The pickler will instantiate only built-in types and one of 3 constructor
functions, to support unpickling :py:class:`CallError
<mitogen.core.CallError>`, :py:class:`mitogen.core.Sender`,and
:py:class:`Context <mitogen.core.Context>`.

The choice of Pickle is one area to be revisited later. All accounts suggest it
cannot be used securely, however few of those accounts appear to be expert, and
none mention any additional attacks that would not be prevented by using a
restrictive class whitelist.


The IO Multiplexer
------------------

Since we must include our IO multiplexer as part of the bootstrap,
off-the-shelf implementations are for the most part entirely inappropriate.

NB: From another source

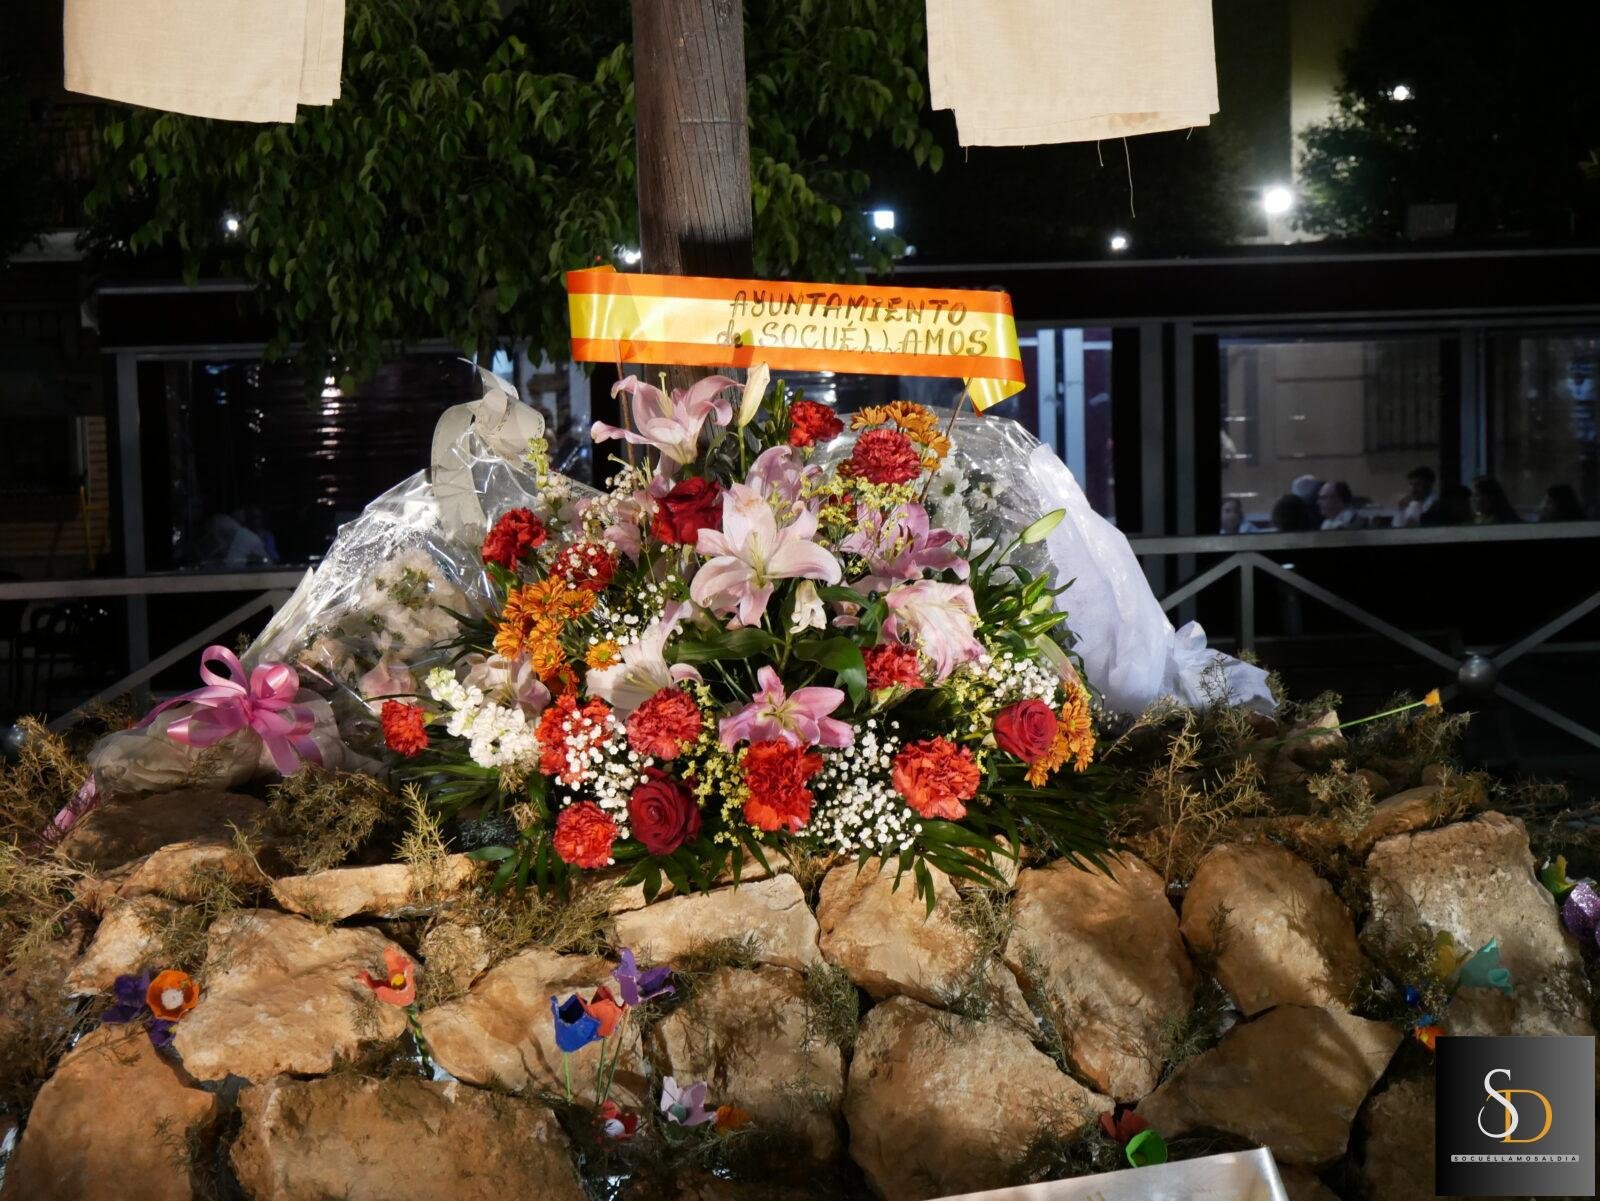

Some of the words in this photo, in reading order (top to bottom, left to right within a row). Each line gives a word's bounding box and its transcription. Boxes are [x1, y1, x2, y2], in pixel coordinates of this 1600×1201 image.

[730, 290, 967, 325] AYUNTAMIENTO
[716, 319, 743, 348] de
[759, 321, 988, 356] SOCUÉLLAMOS

For
example, a minimal copy of Twisted weighs in at around 440KiB and is composed
of approximately 115 files. Even if we could arrange for an entire Python
package to be transferred during bootstrap, this minimal configuration is
massive in comparison to Mitogen's solution, multiplies quickly in the
presence of many machines, and would require manually splitting up the parts of
Twisted that we would like to use.



.. _routing:

Message Routing
---------------

Routing assumes it is impossible to construct a tree such that one of a
context's parents will not know the ID of a target the context is attempting to
communicate with.

When :py:class:`mitogen.core.Router` receives a message, it checks the IDs
associated with its directly connected streams for a potential route. If any
stream matches, either because it directly connects to the target ID, or
because the master sent an :py:data:`ADD_ROUTE <mitogen.core.ADD_ROUTE>`
message associating it, then the message will be forwarded down the tree using
that stream.

If the message does not match any :py:data:`ADD_ROUTE <mitogen.core.ADD_ROUTE>`
message or stream, instead it is forwarded upwards to the immediate parent, and
recursively by each parent in turn until one is reached that knows how to
forward the message down the tree.

When a parent establishes a new child, it sends a corresponding
:py:data:`ADD_ROUTE <mitogen.core.ADD_ROUTE>` message towards its parent, which
recursively forwards it up towards the root.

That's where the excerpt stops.